Frieden schaffen

Differenziertere Politik

Nach Gewaltkonflikten herrscht meist nur eine fragile Stabilität. Drei Studien des Instituts für Entwicklung und Frieden (INEF) der Universität Duisburg-Essen betonen, die Entwicklungspolitik sollte Situationen genau untersuchen, um abzuschätzen, welche Möglichkeiten sich eröffnen.

Von Floreana Miesen

Gewalt und Unsicherheit bestehen auch nach dem offiziellen Ende eines Konfliktes fort. In einer gemeinsamen Studie legen Sabine Kurtenbach und Herbert Wulf dar, dass bisherige Ansätze zur Friedenstiftung in der Entwicklungspolitik zwar gut sind, jedoch noch Mängel aufweisen.
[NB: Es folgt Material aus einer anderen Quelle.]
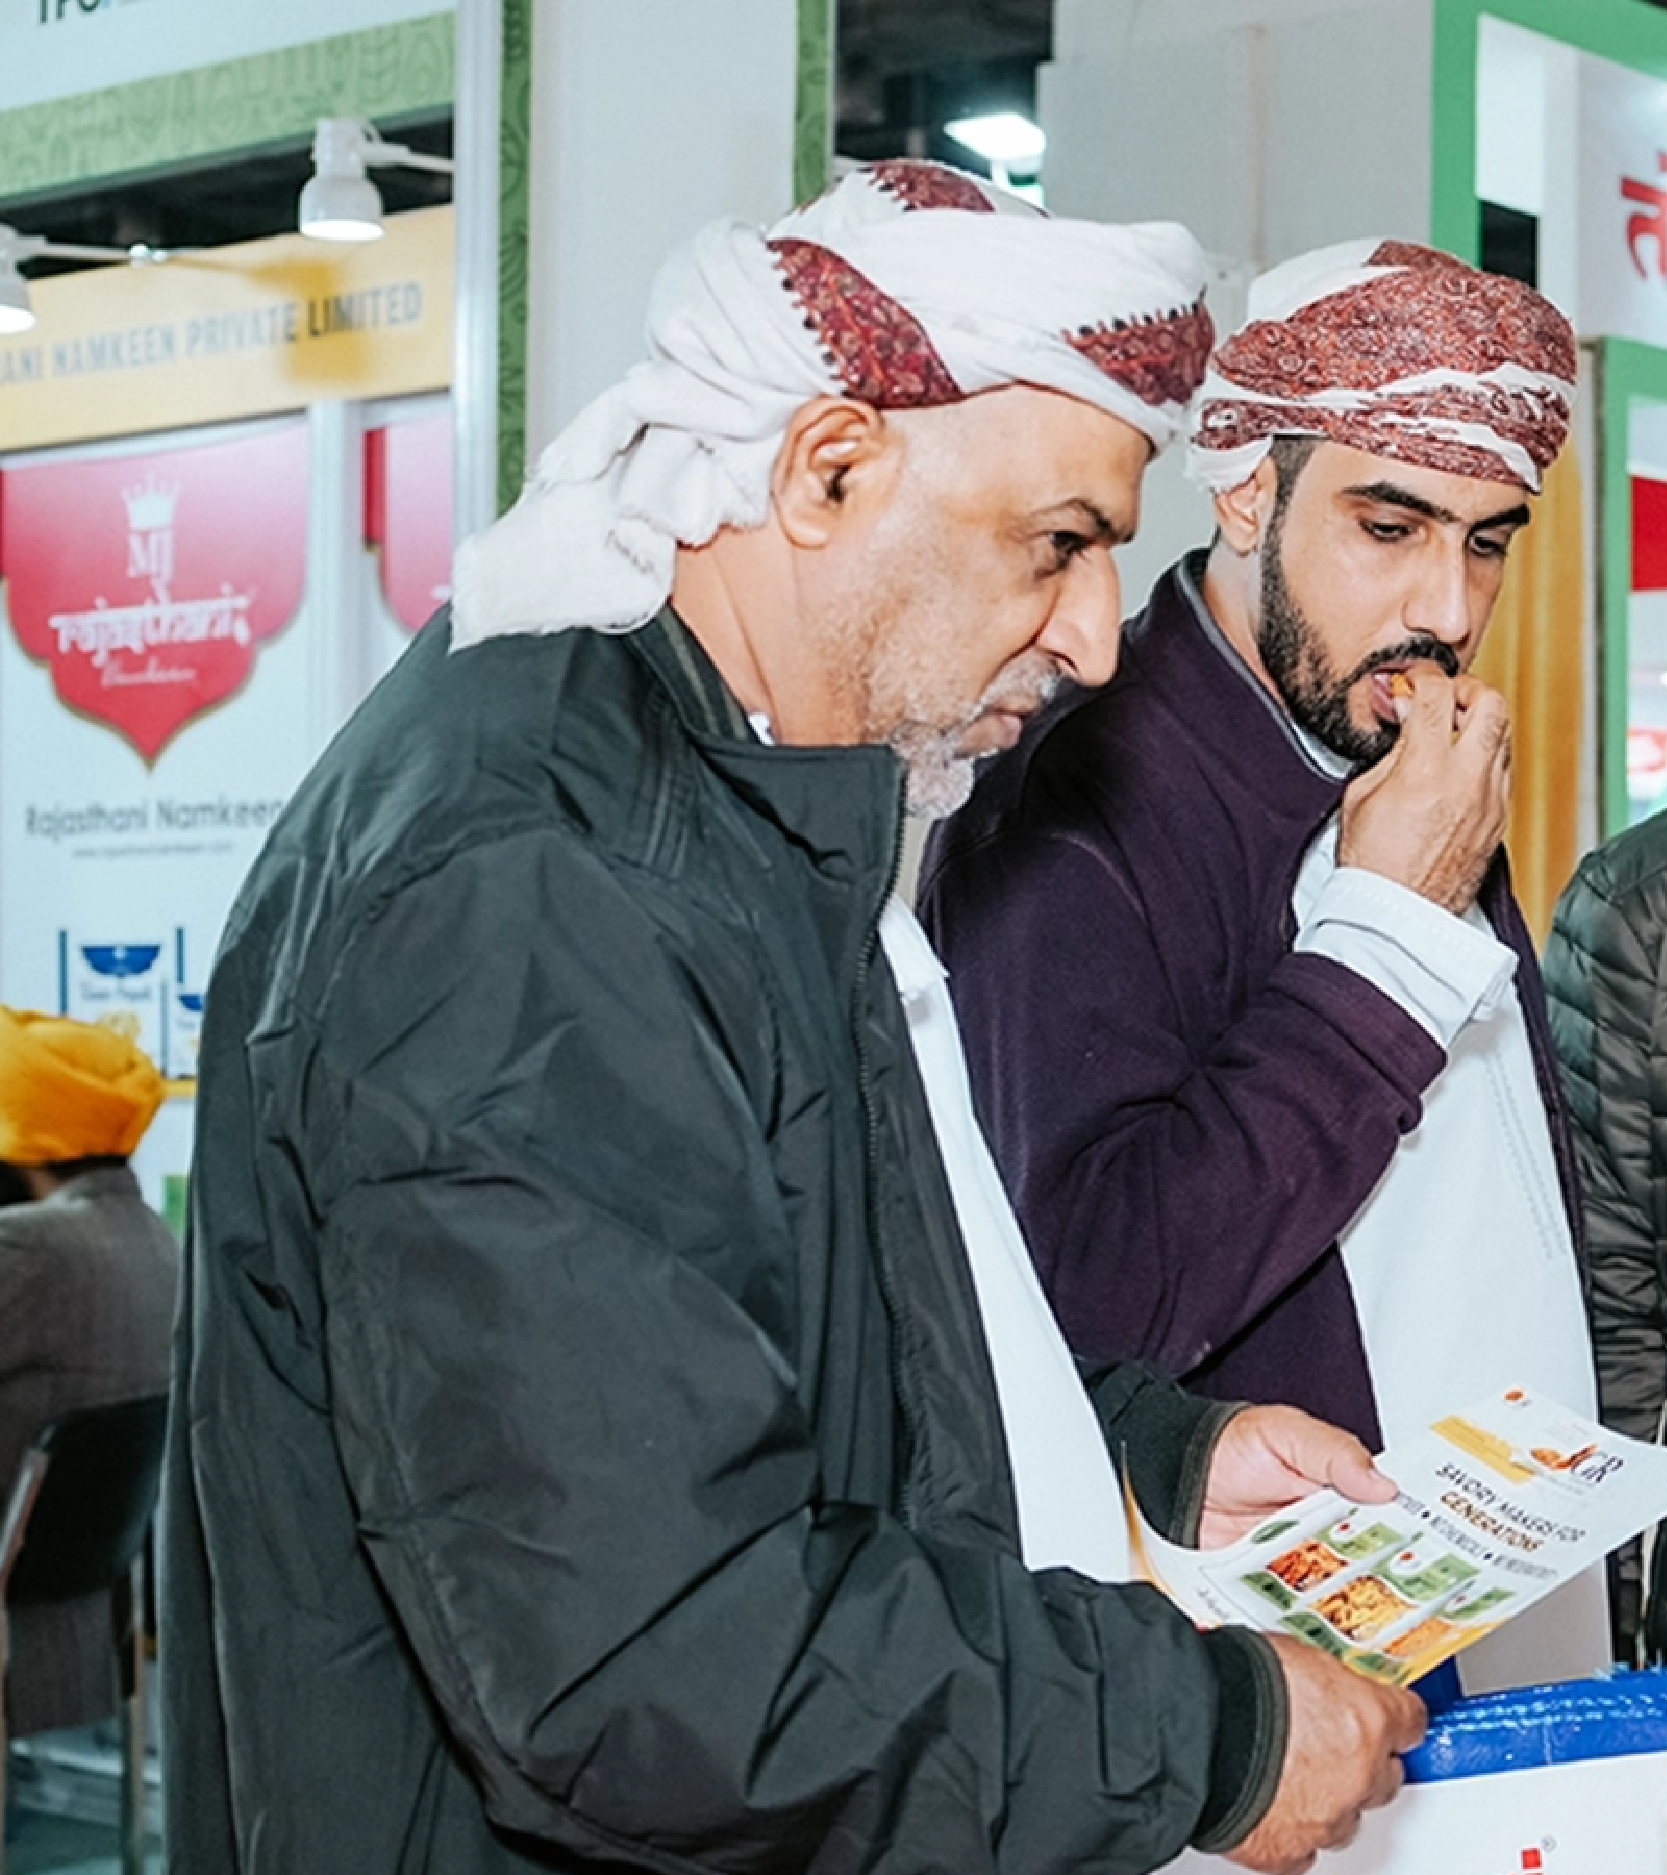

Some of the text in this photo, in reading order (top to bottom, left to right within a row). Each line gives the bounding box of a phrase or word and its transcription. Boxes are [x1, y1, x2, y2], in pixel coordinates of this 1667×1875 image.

Geber konzentrieren sich demnach auf den Aufbau von Staaten, verfehlen jedoch oft ihre Ziele, da neu geschaffene Institutionen zu schwach seien.

Geberinstitutionen unterstützen und übertragen vermehrt Regionalorganisationen wie der Afrikanischen Union (AU) Aufgaben der Friedenstiftung. Den Autoren zufolge überschätzen sie aber oft deren Leistungsfähigkeit. Zudem seien Security Sector Reforms (SSR) zu einem beliebten Konzept geworden. Dabei sollen institutionelle Reformen der Bevölkerung mehr Kontrolle über ihre eigene Sicherheit geben. Tatsächlich sind Polizei und Militär nach Konflikten oft Teil des Sicherheitsproblems. Aus Sicht von Kurtenbach und Wulf sind SSR-Konzepte aber bislang zu undurchsichtig und bergen die Gefahr, für militärische und strategische Zwecke missbraucht zu werden. Zudem werde das Konzept als Aufzwingung westlicher Werte empfunden. Unterschiedliche Geberinteressen sorgten für inkohärente SSR-Konzepte.

Allianz der Bandenführer mit Behörden

Kurtenbach bemängelt in einer weiteren Studie, dass Lateinamerika in der Debatte über Nachkriegsprobleme kaum vorkomme. Obwohl viele Konflikte dort schon über zehn Jahre zurücklägen, bleibe Lateinamerika die gewalttätigste Region der Welt. Die dortigen Motive gelten aber als unpolitisch und kriminell. Dass politische Gewalt oft in organisierte Kriminalität übergehe, komme in der Fachdiskussion zu kurz. Sie betont, dass auch Verbrecherbanden staatliche In­stitutionen korrumpieren und Demokratisierung unterminieren.

Auf institutioneller Ebene stellt die Autorin beachtliche Defizite in der Professionalität und Organisation von Polizei und Justiz fest. Die „chronische Unterfinanzierung“ sowohl der Polizisten als auch der Institutionen sei dabei ein Hauptgrund für Probleme. Strafrechtliche Verfolgung von Kapitalverbrechen bleibe oft aus.

In Honduras kommen derzeit auf 100 000 Einwohner im Schnitt 86 Morde im Jahr, belegt eine Studie der Weltbank. Der bitterarme, mittelamerikanische Staat mit rund 8 Millionen Einwohnern hält ­damit einen traurigen Weltrekord. Laut Giuseppe Zampaglione von der Weltbank kosten Folgen und Bekämpfung der Kriminalität die Honduraner rund 10 Prozent ihrer Wirtschaftsleistung. Über Mittelamerika laufen über 80 Prozent des Kokainhandels nach Nordamerika (siehe Kommentar, S. 216).

Reinhard Palm empfiehlt der Entwicklungspolitik in seiner Studie, sich bei der Analyse stärker auf wirtschaftliche Gegebenheiten zu konzentrieren. Geringer Wohlstand, ungleich verteilte Einkommen und eine Ausbeutung der Bodenschätze zugunsten weniger Profiteure provozierten oft das Fortdauern oder Wiederaufflammen von Konflikten.

Geberinstitutionen sollten ihre Strategien überdenken, heißt es in der Studie. Nur sieben Prozent der Wirtschaftsvorhaben in der Entwicklungszusammenarbeit verfolgen Frieden als Nebenziel. Dabei sei das Potenzial der Friedensförderung durch Wirtschaftsförderung enorm, erinnert Palm. Dies belegen ökonomische Reinte­gration und psychische Beratung jugendlicher Exkombattanten durch den evangelischen Entwicklungsdienst.

Insgesamt empfehlen die drei Autoren ein besser koordiniertes Vorgehen in Post-Konflikt-Situationen. Die Entwicklungszusammenarbeit sollte sowohl Ursachen der Konflikte, als auch die lokalen Kapazitäten und Potenziale gründlicher analysieren.